TASK GOAL → Retype the range from the line holding "Some of the text" to the last line of the listing, inclusive, exactly as it appears and with nothing else.

INPUT DATA →
>>>

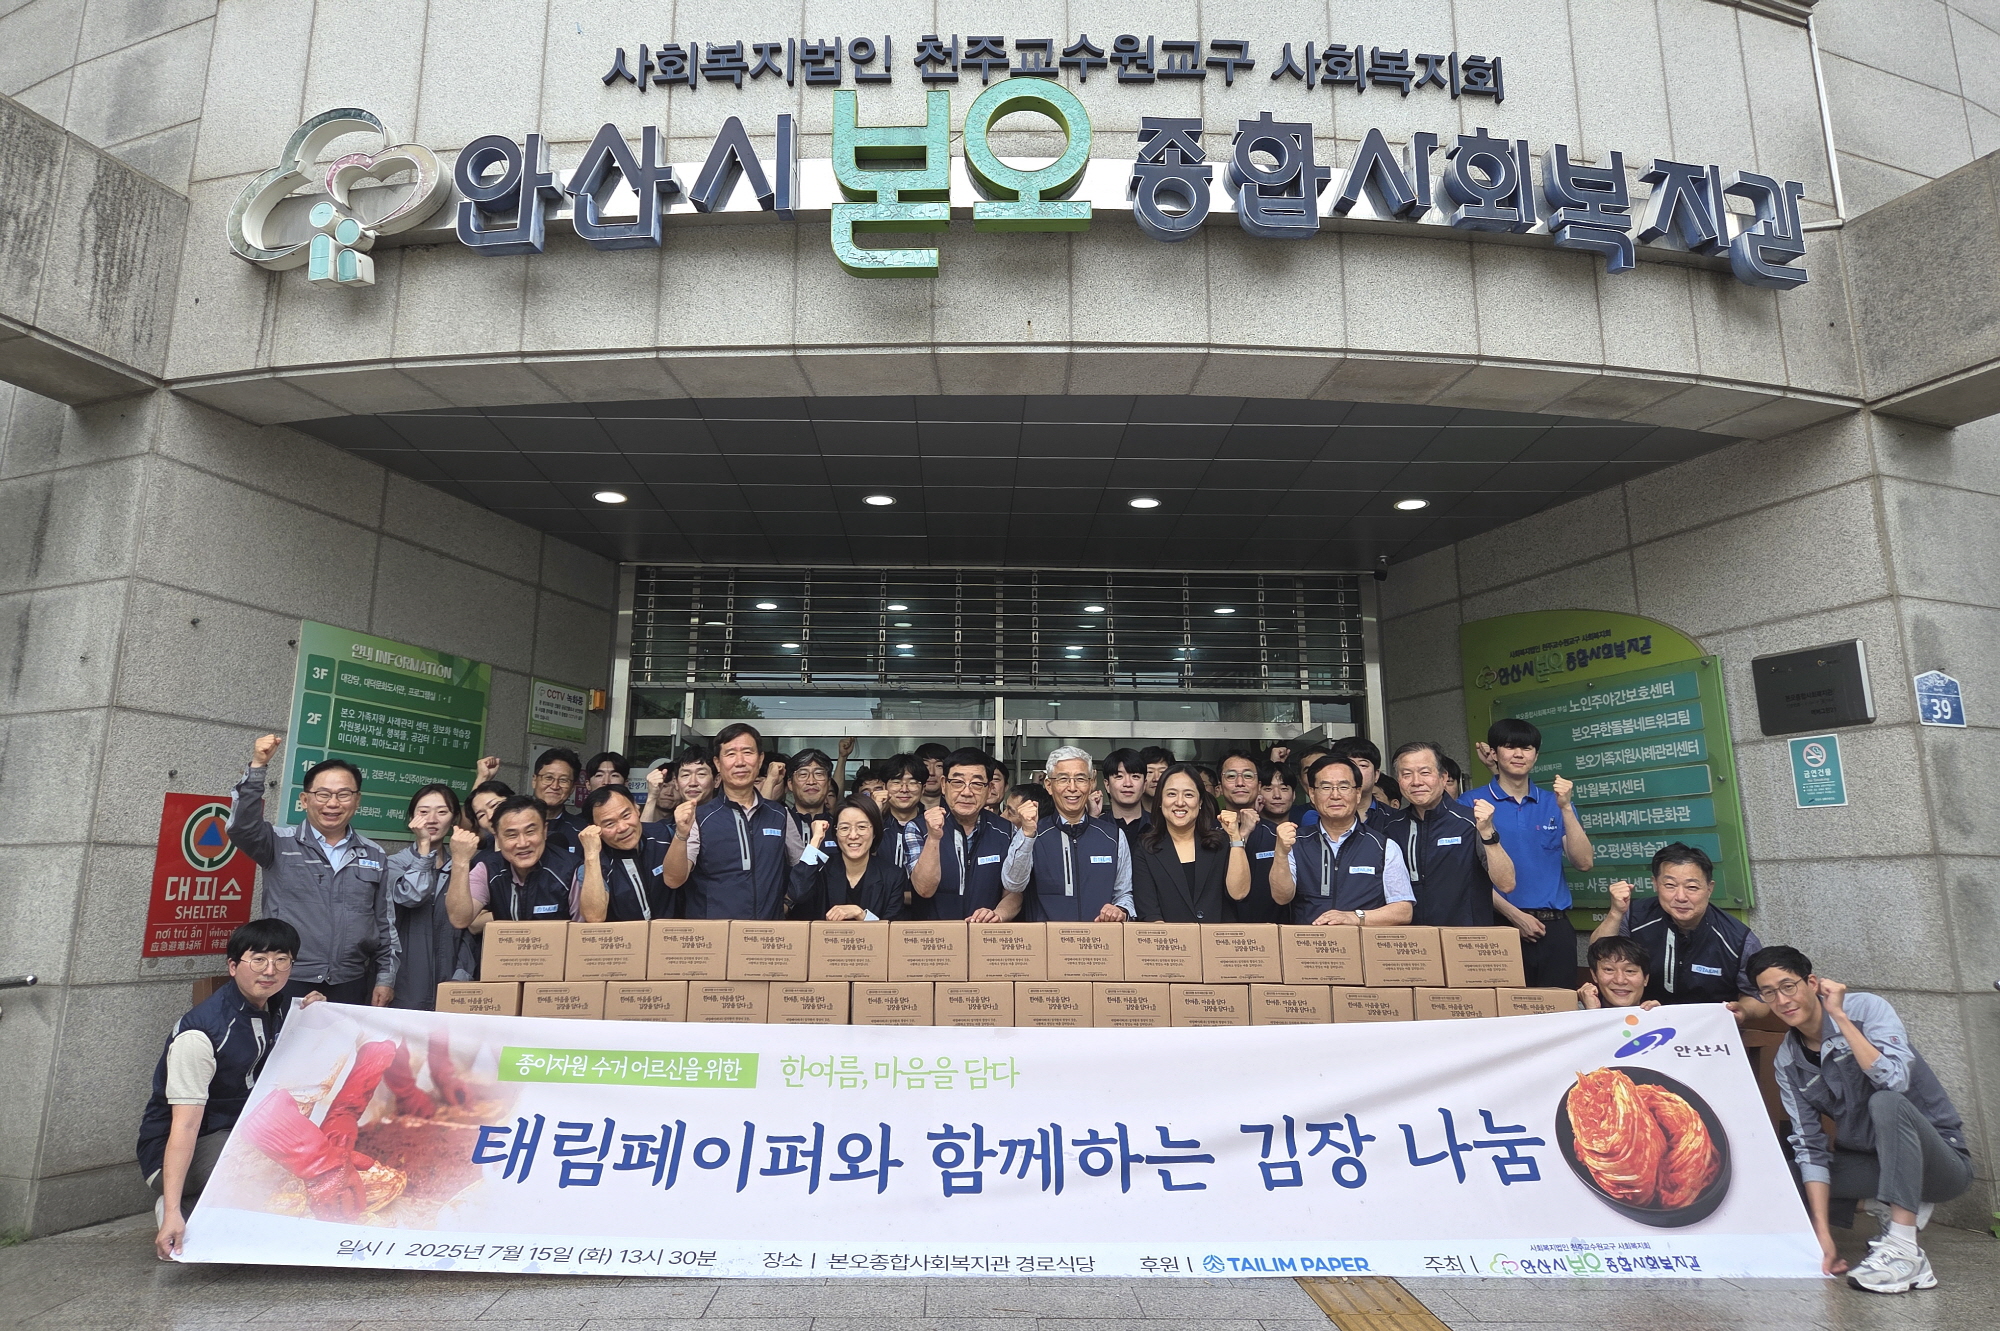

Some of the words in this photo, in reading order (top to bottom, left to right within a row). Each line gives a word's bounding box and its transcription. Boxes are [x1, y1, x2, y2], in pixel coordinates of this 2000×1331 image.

[602, 34, 892, 91] 사회복지법인
[913, 33, 1256, 86] 천주교수원교구
[1278, 40, 1504, 104] 사회복지회
[454, 113, 796, 256] 안산시
[831, 76, 1092, 278] 본오
[1131, 111, 1809, 291] 종합사회복지관
[351, 643, 372, 661] 안내
[375, 649, 452, 680] INFORMATION
[1498, 661, 1534, 686] 안산시
[1535, 651, 1564, 683] 본오
[1566, 634, 1652, 671] 종합사회복지관
[312, 667, 329, 680] 3F
[547, 689, 565, 701] CCTV
[1569, 680, 1675, 713] 노인주야간보호센터
[306, 712, 322, 725] 2F
[340, 707, 356, 719] 본오
[358, 710, 386, 724] 가족지원
[386, 716, 414, 730] 사례관리
[1930, 698, 1952, 720] 39
[1571, 709, 1691, 742] 본오무한돌봄네트워크팀
[371, 738, 406, 753] 피아노교실
[1575, 739, 1700, 770] 본오가족지원사례관리센터
[371, 769, 397, 783] 경로식당,
[1576, 778, 1645, 798] 반월복지센터
[354, 806, 382, 818] 다문화관,
[1581, 805, 1690, 828] 열려라세계다문화관
[165, 876, 242, 901] 대피소
[175, 905, 228, 919] SHELTER
[173, 926, 188, 939] trú
[211, 939, 229, 949] 待避
[1674, 1044, 1731, 1058] 안산시
[515, 1053, 588, 1078] 종이자원
[591, 1055, 628, 1079] 수거
[631, 1056, 702, 1081] 어르신을
[704, 1058, 742, 1082] 위한
[780, 1055, 868, 1090] 한여름,
[875, 1055, 959, 1090] 마음을
[965, 1055, 1021, 1090] 담다
[472, 1113, 904, 1195] 태림페이퍼와
[926, 1121, 1216, 1197] 함께하는
[1240, 1113, 1376, 1192] 김장
[1398, 1107, 1546, 1187] 나눔
[336, 1239, 383, 1257] 일시
[405, 1242, 485, 1260] 2025년
[488, 1244, 522, 1262] 7월
[528, 1246, 573, 1264] 15일
[577, 1247, 613, 1265] (화)
[620, 1248, 663, 1266] 13시
[667, 1249, 718, 1267] 30분
[762, 1252, 803, 1269] 장소
[828, 1253, 1011, 1273] 본오종합사회복지관
[1015, 1255, 1096, 1273] 경로식당
[1520, 1258, 1567, 1274] 안산시
[1565, 1252, 1604, 1276] 본오
[1605, 1254, 1703, 1273] 종합사회복지관
[1140, 1256, 1180, 1273] 후원
[1227, 1257, 1298, 1272] TAILIM
[1300, 1257, 1372, 1272] PAPER
[1424, 1255, 1466, 1274] 주최
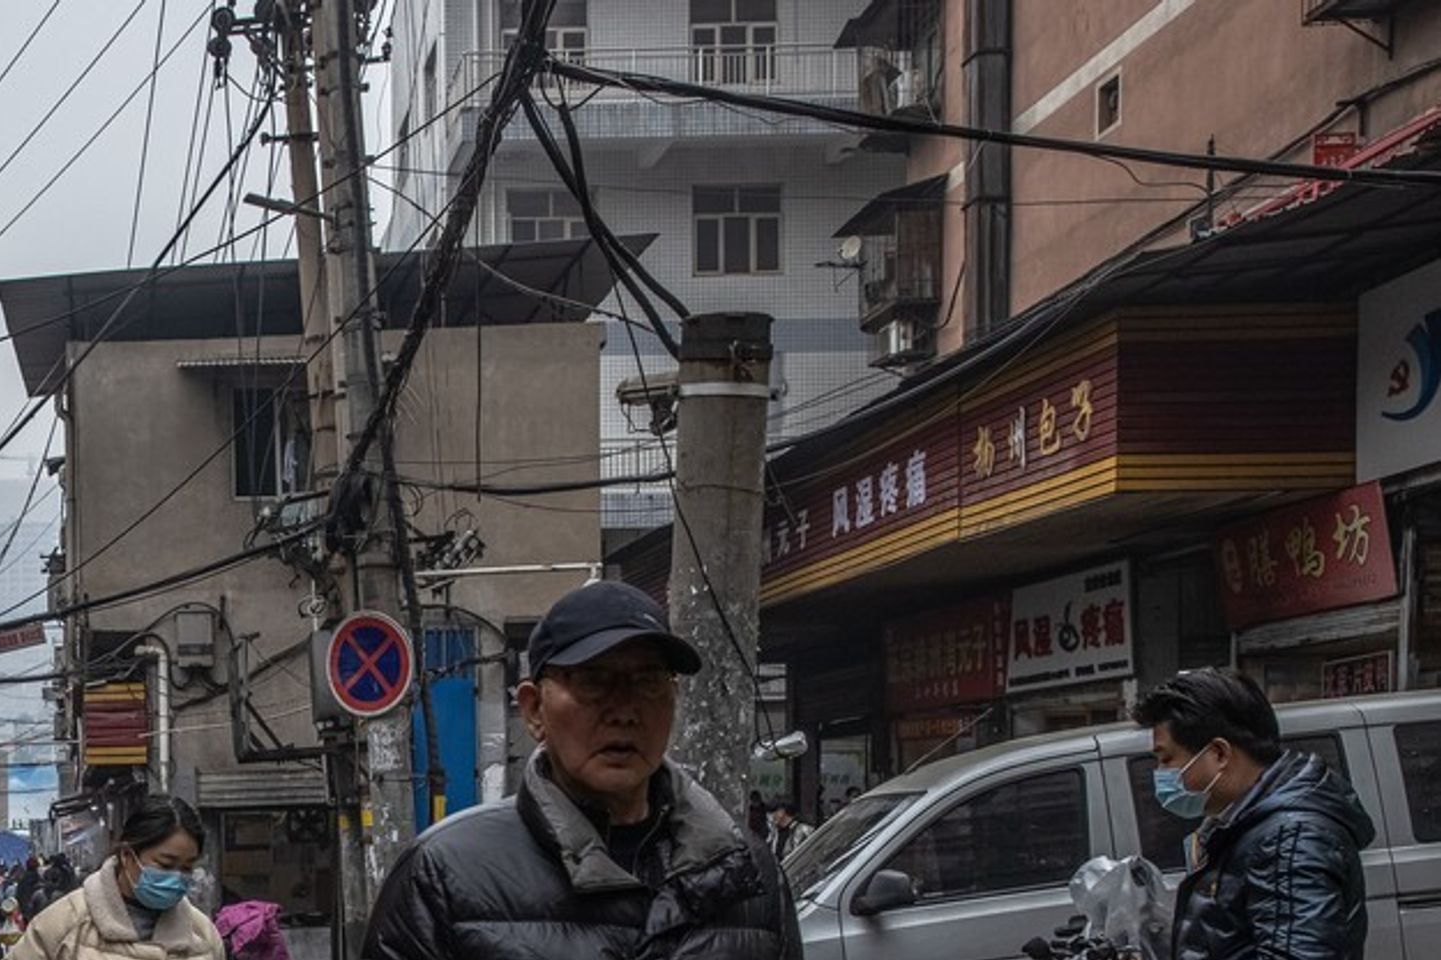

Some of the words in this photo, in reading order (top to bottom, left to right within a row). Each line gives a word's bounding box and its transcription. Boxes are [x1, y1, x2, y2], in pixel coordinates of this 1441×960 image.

[972, 379, 1096, 479] 扬州包子
[831, 449, 928, 539] 风湿疼痛
[1014, 615, 1053, 661] 风湿
[1080, 597, 1125, 650] 疼痛
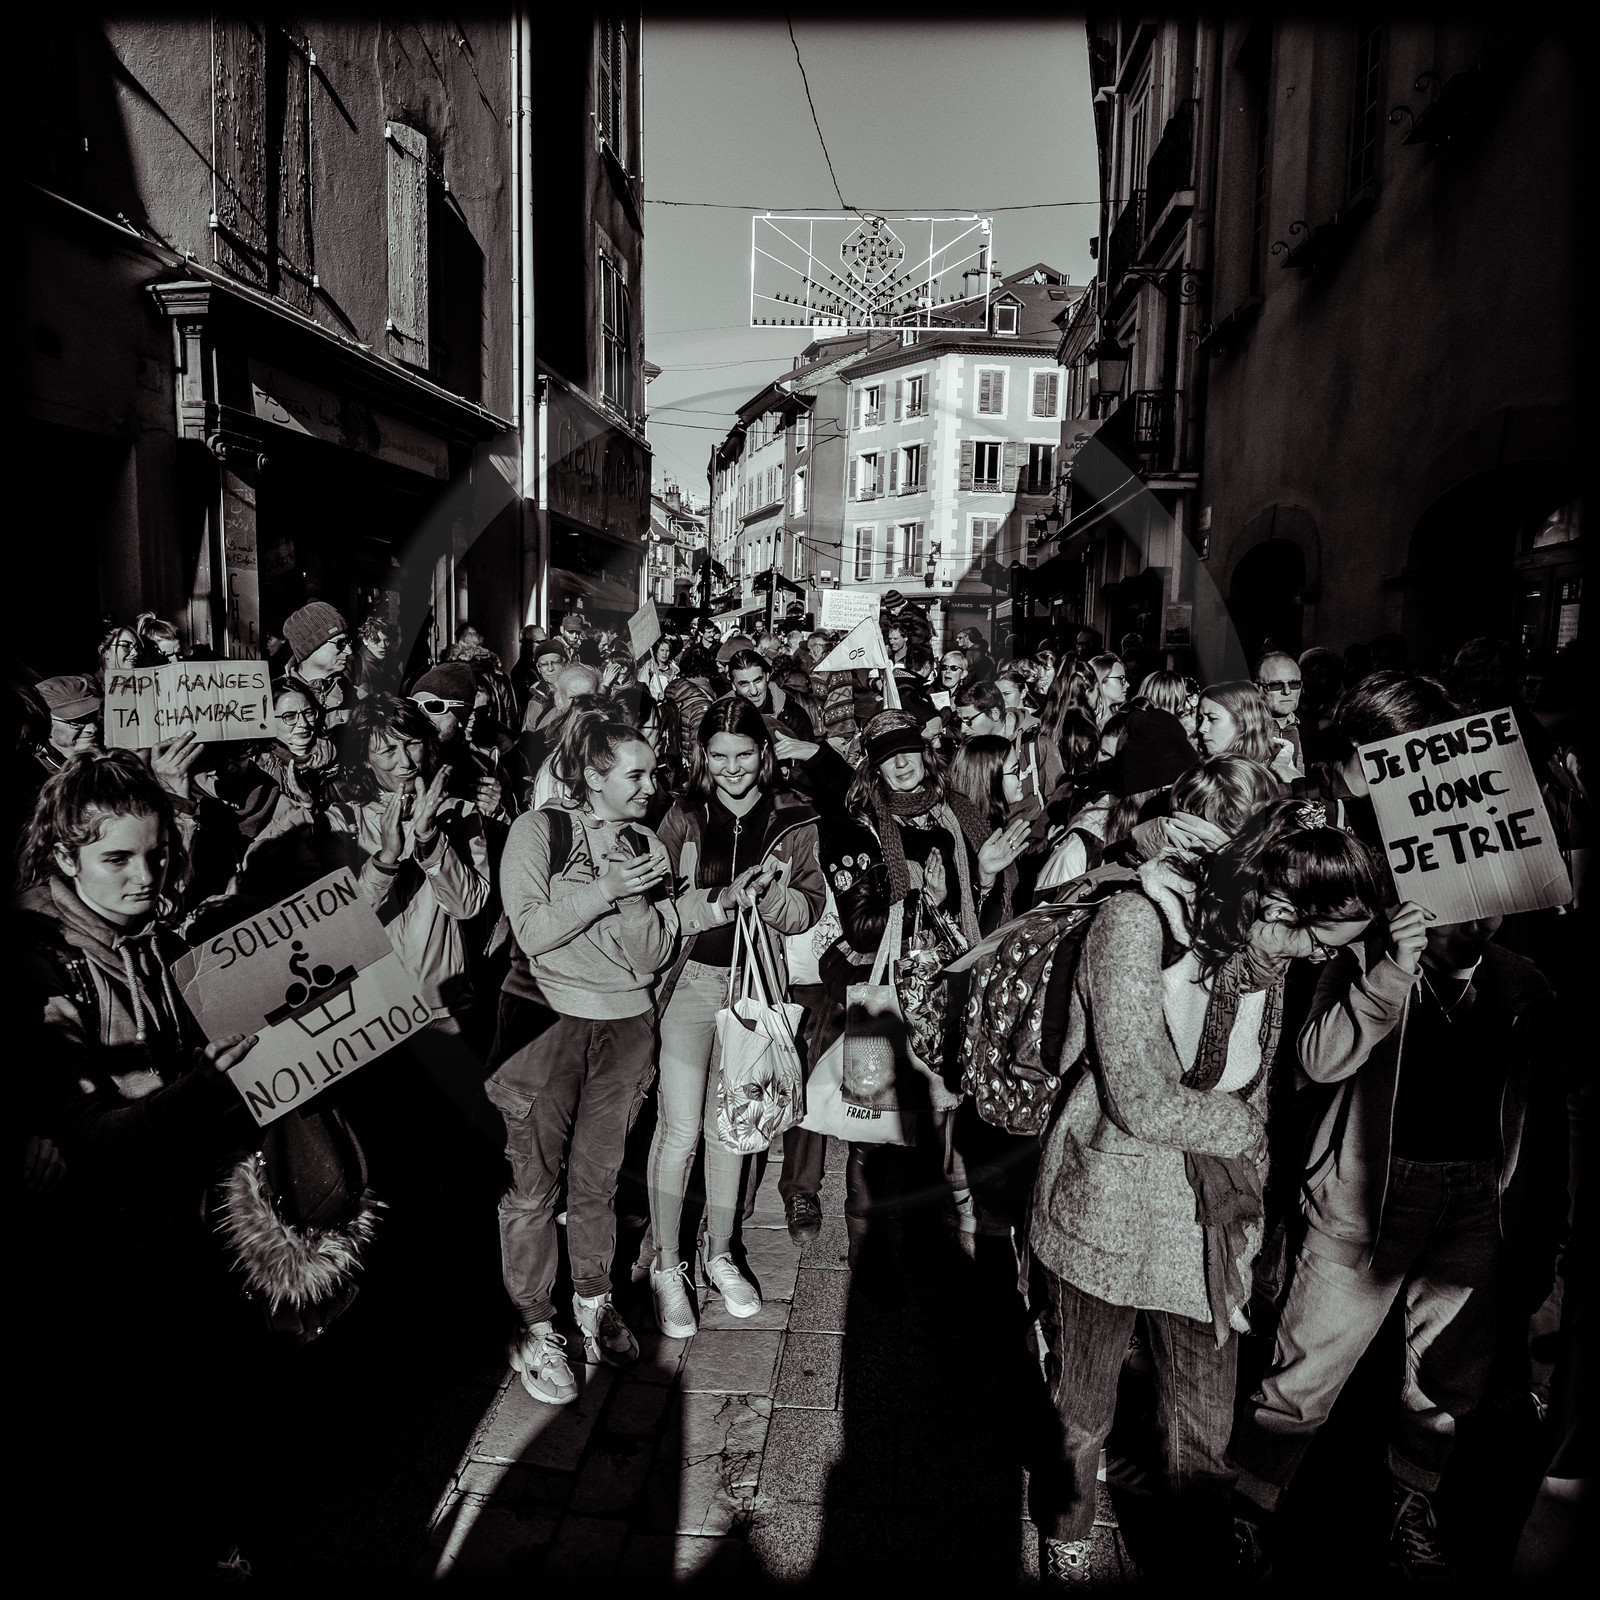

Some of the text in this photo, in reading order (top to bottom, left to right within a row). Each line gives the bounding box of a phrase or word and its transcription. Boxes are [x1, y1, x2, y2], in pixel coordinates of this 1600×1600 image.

[176, 672, 265, 692] RANGES
[113, 708, 140, 728] TA
[1405, 712, 1519, 773] PENSE

<<<

OUTPUT BELOW →
Some of the text in this photo, in reading order (top to bottom, left to right within a row). Each line gives the bounding box of a phrase or word and its transcription. Boxes are [x1, y1, x2, y2], in pixel coordinates of this 1600×1600 image.

[176, 672, 265, 692] RANGES
[113, 708, 140, 728] TA
[1405, 712, 1519, 773] PENSE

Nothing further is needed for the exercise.